What this task involves —
Please write out every entry below, word for word.

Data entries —
::::::::
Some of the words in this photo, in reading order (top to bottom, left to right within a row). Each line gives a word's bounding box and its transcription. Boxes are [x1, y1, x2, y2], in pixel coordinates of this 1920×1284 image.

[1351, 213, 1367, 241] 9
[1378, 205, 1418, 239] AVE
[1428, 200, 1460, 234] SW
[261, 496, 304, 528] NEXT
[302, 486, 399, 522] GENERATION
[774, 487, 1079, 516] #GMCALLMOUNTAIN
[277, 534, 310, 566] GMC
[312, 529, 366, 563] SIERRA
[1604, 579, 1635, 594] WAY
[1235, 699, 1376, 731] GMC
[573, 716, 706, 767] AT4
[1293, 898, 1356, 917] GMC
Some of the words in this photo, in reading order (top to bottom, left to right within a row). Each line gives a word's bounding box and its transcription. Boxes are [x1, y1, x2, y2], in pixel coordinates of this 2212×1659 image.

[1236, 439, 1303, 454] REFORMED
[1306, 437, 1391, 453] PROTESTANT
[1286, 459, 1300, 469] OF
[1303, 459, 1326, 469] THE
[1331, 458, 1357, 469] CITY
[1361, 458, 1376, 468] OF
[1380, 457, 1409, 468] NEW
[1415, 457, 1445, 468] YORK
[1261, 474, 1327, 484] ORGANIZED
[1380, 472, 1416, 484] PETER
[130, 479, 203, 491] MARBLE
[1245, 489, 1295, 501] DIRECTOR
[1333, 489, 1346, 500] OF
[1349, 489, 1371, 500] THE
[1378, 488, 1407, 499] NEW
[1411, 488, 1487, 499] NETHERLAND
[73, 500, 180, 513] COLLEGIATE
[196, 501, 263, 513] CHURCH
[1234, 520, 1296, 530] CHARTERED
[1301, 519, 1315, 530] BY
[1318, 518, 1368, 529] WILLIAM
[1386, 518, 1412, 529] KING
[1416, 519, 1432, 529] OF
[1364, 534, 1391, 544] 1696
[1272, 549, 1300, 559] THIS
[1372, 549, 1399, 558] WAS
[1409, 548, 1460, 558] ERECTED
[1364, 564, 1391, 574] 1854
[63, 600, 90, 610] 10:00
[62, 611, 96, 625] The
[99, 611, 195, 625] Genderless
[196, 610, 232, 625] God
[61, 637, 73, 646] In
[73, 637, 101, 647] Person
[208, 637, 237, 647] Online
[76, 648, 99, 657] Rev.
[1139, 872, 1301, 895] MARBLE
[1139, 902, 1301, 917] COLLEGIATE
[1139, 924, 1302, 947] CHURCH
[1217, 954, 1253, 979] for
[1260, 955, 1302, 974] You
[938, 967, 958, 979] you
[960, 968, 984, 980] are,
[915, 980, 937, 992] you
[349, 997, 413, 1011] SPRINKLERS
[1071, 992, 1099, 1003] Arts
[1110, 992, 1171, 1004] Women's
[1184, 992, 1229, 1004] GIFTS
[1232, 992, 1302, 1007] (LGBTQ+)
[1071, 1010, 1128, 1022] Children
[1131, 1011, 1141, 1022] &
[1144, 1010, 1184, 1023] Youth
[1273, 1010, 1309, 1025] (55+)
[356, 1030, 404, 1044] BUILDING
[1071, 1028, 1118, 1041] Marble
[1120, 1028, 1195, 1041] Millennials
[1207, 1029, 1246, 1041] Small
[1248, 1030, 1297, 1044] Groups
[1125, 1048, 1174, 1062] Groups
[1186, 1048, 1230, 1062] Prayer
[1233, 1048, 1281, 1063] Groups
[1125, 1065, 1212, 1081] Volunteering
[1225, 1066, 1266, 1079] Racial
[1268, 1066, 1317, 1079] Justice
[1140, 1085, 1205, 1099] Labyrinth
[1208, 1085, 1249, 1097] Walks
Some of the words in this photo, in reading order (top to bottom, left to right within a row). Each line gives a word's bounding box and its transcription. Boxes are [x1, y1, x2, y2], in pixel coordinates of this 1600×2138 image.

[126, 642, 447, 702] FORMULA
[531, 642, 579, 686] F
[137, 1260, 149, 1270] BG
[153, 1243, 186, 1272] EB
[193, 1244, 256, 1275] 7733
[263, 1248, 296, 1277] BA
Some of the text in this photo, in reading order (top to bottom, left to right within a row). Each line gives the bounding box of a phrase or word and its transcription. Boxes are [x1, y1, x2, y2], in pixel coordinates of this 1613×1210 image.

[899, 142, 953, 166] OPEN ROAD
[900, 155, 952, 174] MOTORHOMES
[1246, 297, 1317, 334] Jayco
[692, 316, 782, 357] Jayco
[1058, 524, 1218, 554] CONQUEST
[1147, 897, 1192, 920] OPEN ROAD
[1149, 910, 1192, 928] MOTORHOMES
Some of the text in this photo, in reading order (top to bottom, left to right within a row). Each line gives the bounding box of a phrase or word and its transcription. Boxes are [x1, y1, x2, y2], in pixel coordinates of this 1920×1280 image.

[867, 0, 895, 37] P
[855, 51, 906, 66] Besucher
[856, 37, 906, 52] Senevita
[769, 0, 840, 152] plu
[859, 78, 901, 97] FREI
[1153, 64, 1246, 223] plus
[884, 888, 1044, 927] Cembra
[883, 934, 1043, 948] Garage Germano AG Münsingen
::::::::
Reply to the task —
Some of the words in this photo, in reading order (top to bottom, left to right within a row). Each line gives a word's bounding box and its transcription. Boxes are [x1, y1, x2, y2], in pixel coordinates of this 1920×1284 image.

[1351, 213, 1367, 241] 9
[1378, 205, 1418, 239] AVE
[1428, 200, 1460, 234] SW
[261, 496, 304, 528] NEXT
[302, 486, 399, 522] GENERATION
[774, 487, 1079, 516] #GMCALLMOUNTAIN
[277, 534, 310, 566] GMC
[312, 529, 366, 563] SIERRA
[1604, 579, 1635, 594] WAY
[1235, 699, 1376, 731] GMC
[573, 716, 706, 767] AT4
[1293, 898, 1356, 917] GMC
Some of the words in this photo, in reading order (top to bottom, left to right within a row). Each line gives a word's bounding box and its transcription. Boxes are [x1, y1, x2, y2], in pixel coordinates of this 2212×1659 image.

[1236, 439, 1303, 454] REFORMED
[1306, 437, 1391, 453] PROTESTANT
[1286, 459, 1300, 469] OF
[1303, 459, 1326, 469] THE
[1331, 458, 1357, 469] CITY
[1361, 458, 1376, 468] OF
[1380, 457, 1409, 468] NEW
[1415, 457, 1445, 468] YORK
[1261, 474, 1327, 484] ORGANIZED
[1380, 472, 1416, 484] PETER
[130, 479, 203, 491] MARBLE
[1245, 489, 1295, 501] DIRECTOR
[1333, 489, 1346, 500] OF
[1349, 489, 1371, 500] THE
[1378, 488, 1407, 499] NEW
[1411, 488, 1487, 499] NETHERLAND
[73, 500, 180, 513] COLLEGIATE
[196, 501, 263, 513] CHURCH
[1234, 520, 1296, 530] CHARTERED
[1301, 519, 1315, 530] BY
[1318, 518, 1368, 529] WILLIAM
[1386, 518, 1412, 529] KING
[1416, 519, 1432, 529] OF
[1364, 534, 1391, 544] 1696
[1272, 549, 1300, 559] THIS
[1372, 549, 1399, 558] WAS
[1409, 548, 1460, 558] ERECTED
[1364, 564, 1391, 574] 1854
[63, 600, 90, 610] 10:00
[62, 611, 96, 625] The
[99, 611, 195, 625] Genderless
[196, 610, 232, 625] God
[61, 637, 73, 646] In
[73, 637, 101, 647] Person
[208, 637, 237, 647] Online
[76, 648, 99, 657] Rev.
[1139, 872, 1301, 895] MARBLE
[1139, 902, 1301, 917] COLLEGIATE
[1139, 924, 1302, 947] CHURCH
[1217, 954, 1253, 979] for
[1260, 955, 1302, 974] You
[938, 967, 958, 979] you
[960, 968, 984, 980] are,
[915, 980, 937, 992] you
[349, 997, 413, 1011] SPRINKLERS
[1071, 992, 1099, 1003] Arts
[1110, 992, 1171, 1004] Women's
[1184, 992, 1229, 1004] GIFTS
[1232, 992, 1302, 1007] (LGBTQ+)
[1071, 1010, 1128, 1022] Children
[1131, 1011, 1141, 1022] &
[1144, 1010, 1184, 1023] Youth
[1273, 1010, 1309, 1025] (55+)
[356, 1030, 404, 1044] BUILDING
[1071, 1028, 1118, 1041] Marble
[1120, 1028, 1195, 1041] Millennials
[1207, 1029, 1246, 1041] Small
[1248, 1030, 1297, 1044] Groups
[1125, 1048, 1174, 1062] Groups
[1186, 1048, 1230, 1062] Prayer
[1233, 1048, 1281, 1063] Groups
[1125, 1065, 1212, 1081] Volunteering
[1225, 1066, 1266, 1079] Racial
[1268, 1066, 1317, 1079] Justice
[1140, 1085, 1205, 1099] Labyrinth
[1208, 1085, 1249, 1097] Walks
Some of the words in this photo, in reading order (top to bottom, left to right within a row). Each line gives a word's bounding box and its transcription. Boxes are [x1, y1, x2, y2], in pixel coordinates of this 1600×2138 image.

[126, 642, 447, 702] FORMULA
[531, 642, 579, 686] F
[137, 1260, 149, 1270] BG
[153, 1243, 186, 1272] EB
[193, 1244, 256, 1275] 7733
[263, 1248, 296, 1277] BA
Some of the text in this photo, in reading order (top to bottom, left to right within a row). Each line gives the bounding box of a phrase or word and its transcription. Boxes are [x1, y1, x2, y2], in pixel coordinates of this 1613×1210 image.

[899, 142, 953, 166] OPEN ROAD
[900, 155, 952, 174] MOTORHOMES
[1246, 297, 1317, 334] Jayco
[692, 316, 782, 357] Jayco
[1058, 524, 1218, 554] CONQUEST
[1147, 897, 1192, 920] OPEN ROAD
[1149, 910, 1192, 928] MOTORHOMES
Some of the text in this photo, in reading order (top to bottom, left to right within a row). Each line gives the bounding box of a phrase or word and its transcription. Boxes are [x1, y1, x2, y2], in pixel coordinates of this 1920×1280 image.

[867, 0, 895, 37] P
[855, 51, 906, 66] Besucher
[856, 37, 906, 52] Senevita
[769, 0, 840, 152] plu
[859, 78, 901, 97] FREI
[1153, 64, 1246, 223] plus
[884, 888, 1044, 927] Cembra
[883, 934, 1043, 948] Garage Germano AG Münsingen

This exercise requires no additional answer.